Dedikleri karşısında düşünme kabiliyetimi kaybetmiştim. Herkes bu sözlerden sonra dağılmıştı. Belli bir sessizliğin sonrasında Zafer usta hareketlenip konuşarak hep beraber evden çıkmışlardı. Ben ise halen olduğum yerde küçülme derdindeydim. Derin nefesler almaya çalışıyordum. Yüzümü sıvazlamıştım. Kendimi toparlamalıydım.
Ayağa kalkmış adımlarımı koridorun sonundaki odaya yönlendirmiştim. Biiraz uyumaya ihtiyacım vardı. Merdivenlere ilerlerken ilk önce dış kapının kapanma sesi ardından Uluğ’un sesini duymuştum. "Nereye böyle?" Bayık gözlerle ona doğru dönmüştüm. Kaşları çatılmış sorgu moduna girmişti.
"Odaya gidiyorum. Geç oldu, uyuyacağım." dedim. Kısık sesle. Uyku bastırmıştı bir anda. Uluğ bir şey demeden bana doğru geldi.

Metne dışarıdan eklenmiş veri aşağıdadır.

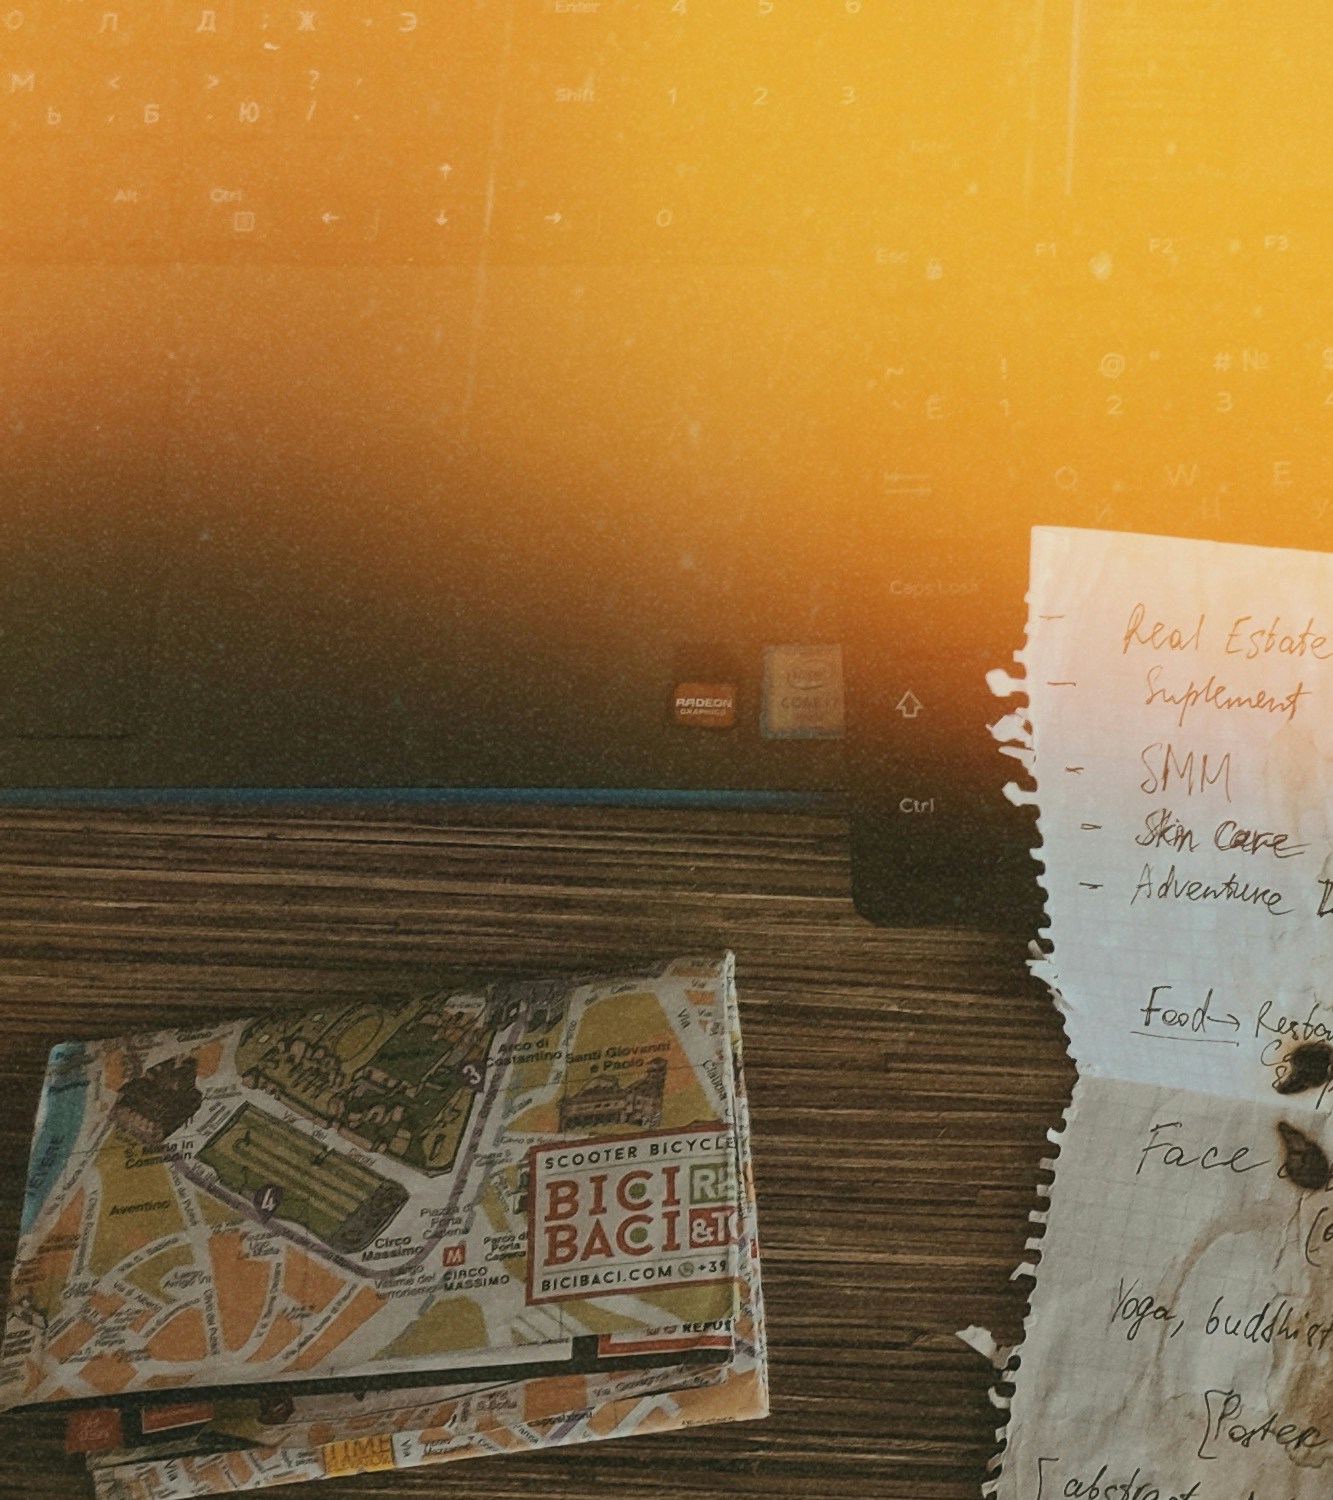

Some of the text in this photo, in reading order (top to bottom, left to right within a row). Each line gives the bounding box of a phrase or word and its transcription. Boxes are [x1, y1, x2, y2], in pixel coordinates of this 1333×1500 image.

"Takip et beni." dedi. Önümden geçti. Bu adam yüzünden cinnet geçirecektim. Emir kipi kullanması canımı sıkıyordu. Ne yaptığını anlamak için, hiçbir şey demeden arkasından ilerledim. Kendi odasının kapısına gelip kapıyı açmış kenara çekilmişti. Geçmemi bekliyordu. Fakat ben yerimden kıpırdayamıyorum. Ne diye odasına gelmiştik anlamış değilim. Şüpheci bir tavırla ona baktım. Nefesini sesli verip konuştu.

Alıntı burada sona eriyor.